WORK TASK → The full listing should be set down again precisely.

MATERIAL PROVIDED →
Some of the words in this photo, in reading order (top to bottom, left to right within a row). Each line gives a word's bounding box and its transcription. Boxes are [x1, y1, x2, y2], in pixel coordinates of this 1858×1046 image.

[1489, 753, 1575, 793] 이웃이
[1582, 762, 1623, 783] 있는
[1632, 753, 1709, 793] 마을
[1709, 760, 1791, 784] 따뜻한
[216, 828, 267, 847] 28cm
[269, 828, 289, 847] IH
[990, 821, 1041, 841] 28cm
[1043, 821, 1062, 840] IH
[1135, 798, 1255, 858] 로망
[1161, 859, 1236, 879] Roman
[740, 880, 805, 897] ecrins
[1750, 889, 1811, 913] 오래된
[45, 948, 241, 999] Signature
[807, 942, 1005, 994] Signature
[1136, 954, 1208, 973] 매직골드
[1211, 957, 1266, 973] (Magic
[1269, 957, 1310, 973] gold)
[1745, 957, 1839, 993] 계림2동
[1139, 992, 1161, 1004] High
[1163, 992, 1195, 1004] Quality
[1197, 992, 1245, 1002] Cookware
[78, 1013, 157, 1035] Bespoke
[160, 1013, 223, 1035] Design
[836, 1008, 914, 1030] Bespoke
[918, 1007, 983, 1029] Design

WRITTEN ANSWER →
Some of the words in this photo, in reading order (top to bottom, left to right within a row). Each line gives a word's bounding box and its transcription. Boxes are [x1, y1, x2, y2], in pixel coordinates of this 1858×1046 image.

[1489, 753, 1575, 793] 이웃이
[1582, 762, 1623, 783] 있는
[1632, 753, 1709, 793] 마을
[1709, 760, 1791, 784] 따뜻한
[216, 828, 267, 847] 28cm
[269, 828, 289, 847] IH
[990, 821, 1041, 841] 28cm
[1043, 821, 1062, 840] IH
[1135, 798, 1255, 858] 로망
[1161, 859, 1236, 879] Roman
[740, 880, 805, 897] ecrins
[1750, 889, 1811, 913] 오래된
[45, 948, 241, 999] Signature
[807, 942, 1005, 994] Signature
[1136, 954, 1208, 973] 매직골드
[1211, 957, 1266, 973] (Magic
[1269, 957, 1310, 973] gold)
[1745, 957, 1839, 993] 계림2동
[1139, 992, 1161, 1004] High
[1163, 992, 1195, 1004] Quality
[1197, 992, 1245, 1002] Cookware
[78, 1013, 157, 1035] Bespoke
[160, 1013, 223, 1035] Design
[836, 1008, 914, 1030] Bespoke
[918, 1007, 983, 1029] Design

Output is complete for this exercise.